Exactly. On top of that, 10,000 B.C. is boring. Even looking at Camilla Belle is uninteresting.


6 - 88 Minutes

If you haven't noticed, I'm big on what the audience expects from a movie, and what the director and writer do or do not do to meet those expectations. It's not always a deal breaker, but I think when a movie is called 10,000 B.C. and it incorporates things that couldn't have existed then simply because it's convenient, the film falls below our expectations.

The same thing goes for 88 minutes. Ultimately, the job of director Jon Avnet is to make this story 88 minutes long. The movie can be longer, but the action, the whatever-it-is that takes 88 minutes, should take 88 minutes. Avnet has been around long enough to know how to do that, but it doesn't happen.

Instead, we get a movie that lasts well over an hour-and-a-half, and doesn't even start the 88 minutes part of the story until we have under 80 minutes left. Well, then, who cares? Make it two days. A week. A "let me take care of this after I get back from vacation" sort of deal.

The movie is salvageable, which makes it that much worse; why didn't Avnet fight harder to make this better, more streamlined, less ridiculous? On the plus side, Al Pacino does not yell all the way through the movie, though he still wears an awful lot of black. Baby steps...


7 - Meet Dave

With apologies to Uwe Boll, Brian Robbins is the world's worst director. Boll, the Teutonic Torrent, a man who makes more movies a year than some people watch, kind of has to scratch and claw to get things done. Sure, he was sued for bilking a money train out of a couple million buck, but I can have a little respect for a guy who has to work outside the system, no matter how bad he is.

But Brian Robbins has made massive, massive hits, both as a director and producer, and there's no reason, save a lack of imagination and talent, that his movies have to be this consistently lousy: Good Burger, Ready to Rumble, The Shaggy Dog, Hardball, The Perfect Score - hell, his best movie is Norbit.

But Robbins is back again, and finally, audiences crapped on his movie. Meet Dave is no better or worse than most of his other films. It's a lamebrained concept about a guy visiting Earth from the planet What Does It Matter to retrieve some missing pod or some such. To our surprise, the spaceman is actually a spaceship, filled with tiny space voyagers. The ship looks just like Eddie Murphy, although we know it's not really him because he doesn't chase transvestites or bolt from the Academy Awards like a depressed little bitch.

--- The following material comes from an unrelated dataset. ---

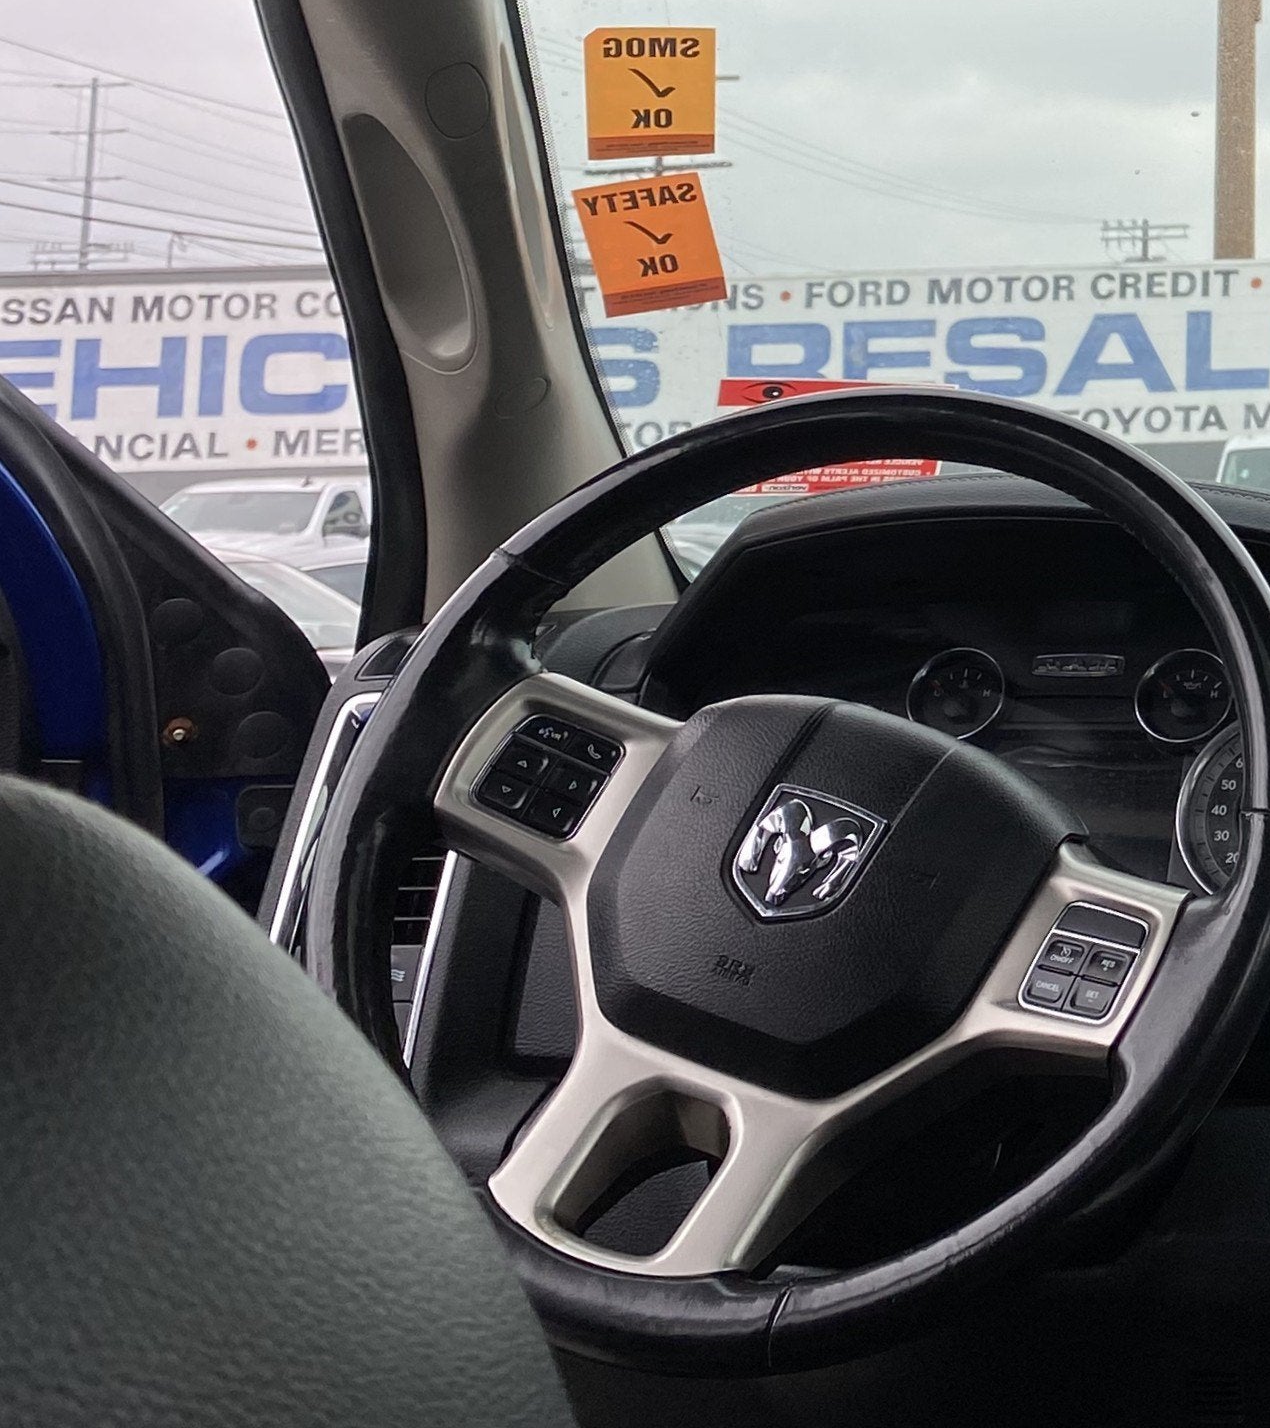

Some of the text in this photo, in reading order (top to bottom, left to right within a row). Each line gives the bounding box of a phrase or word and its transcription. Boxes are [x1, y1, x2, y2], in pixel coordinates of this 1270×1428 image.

As we said with Over Her Dead Body, there's talent here; you could make something better. Murphy, Elizabeth Banks, Gabrielle Union, Ed Helms, and Judah Friedlander are all wasted. How could you not make me laugh? How?


8 - A Previous Engagement

There's a reason you've never heard of this film: Nobody saw it. And I can't blame them. A Previous Engagement is one of those tacky, syrupy-sweet romances fiendishly designed to attract bored housewives, because it's about a bored housewife who makes the beast with two backs with a lothario who could probably pick just about anyone else at the Maltese resort instead.

I don't expect every movie to be ripped from reality. I don't expect the ones that aren't to play by the same rules, even. But I do expect movies to understand when too much is too much. Even too much of a good thing can be fatal.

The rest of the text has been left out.